Actually,

There's nothing to know in XsLT. I mean, the logic is extremely stright
forward basic iterative logic and the tags used to write that logic are the
same as custom tags:

Examples:
<xsl:for-each />
<xsl:if />

And these are just embedded within well-formed HTML and JavaScript so really
... the only limitation I would think is if the person didn't know a little
bit of xpath ... but anyone with any clue of XML knows at least a little bit
of xPath.  :)

I hear ya about the slow XML parsers but they're getting a lot better, very
fast.  The ASP.NET XML parser in particular is suppose to scream.

Well interesting.  Its good to know that others are think along similar
lines and not just me.  Thanks for the thoughts (Jacob too)!

Neal



-----Original Message-----
From: Joe Barefoot [mailto:[EMAIL PROTECTED]]
Sent: Wednesday, September 04, 2002 4:36 PM
To: Struts Users Mailing List
Subject: RE: Struts - vs XSLT (ASP.NET v.

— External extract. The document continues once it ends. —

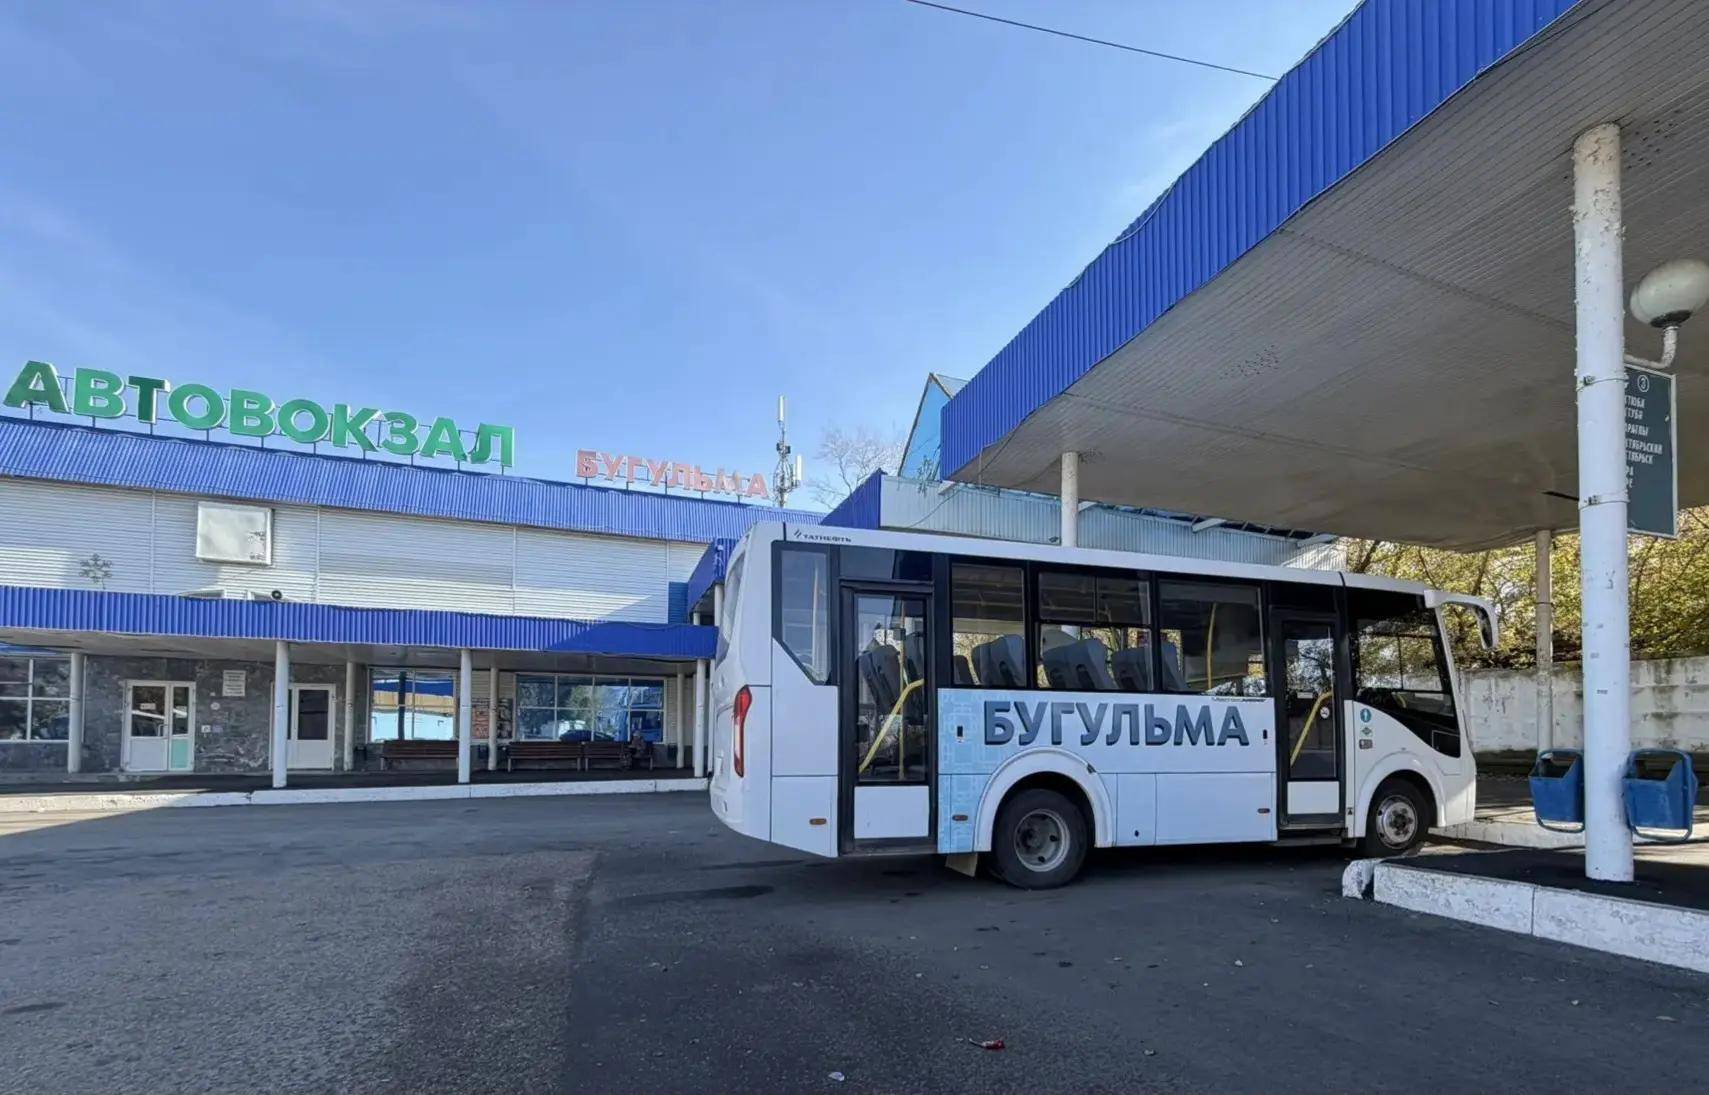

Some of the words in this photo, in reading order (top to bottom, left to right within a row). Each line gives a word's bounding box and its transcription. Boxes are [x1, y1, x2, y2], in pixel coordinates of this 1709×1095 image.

[3, 360, 516, 467] АВТОВОКЗАЛ
[576, 450, 769, 499] БУГУЛЬМА
[984, 700, 1250, 746] БУГУЛЬМА
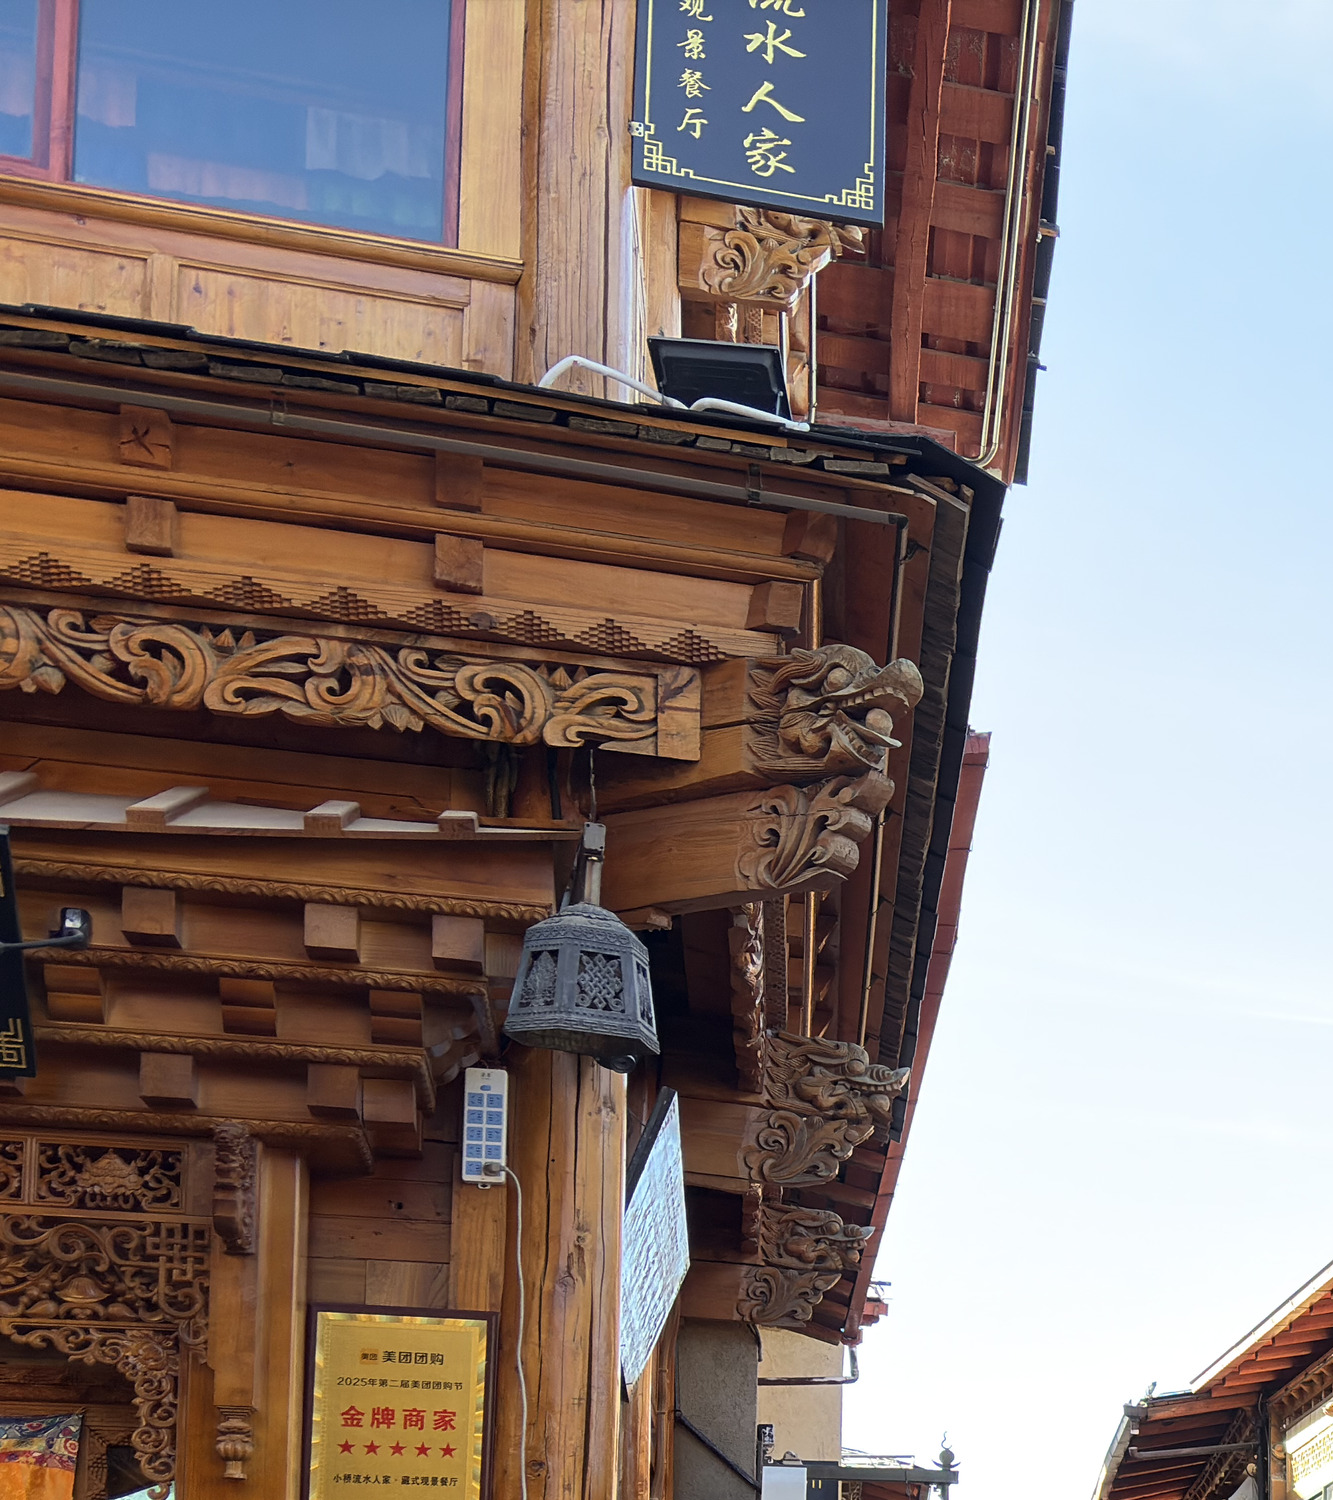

Struts)


There are a couple of frameworks out there that endorse this idea, and
there's certainly nothing in Struts that mandates the use of JSP.  I think a
person on this list has implemented something exactly as you describe with
Struts.

My .02:

1.  XSLT is slower than JSP, varying upon the complexity of the
transformation.
2.  Anyone working on your presentation layer must understand XSL.  This
eliminates web developers who know HTML/JavaScript and are savvy of custom
tag usage (who *can* work on ASP/JSP pages).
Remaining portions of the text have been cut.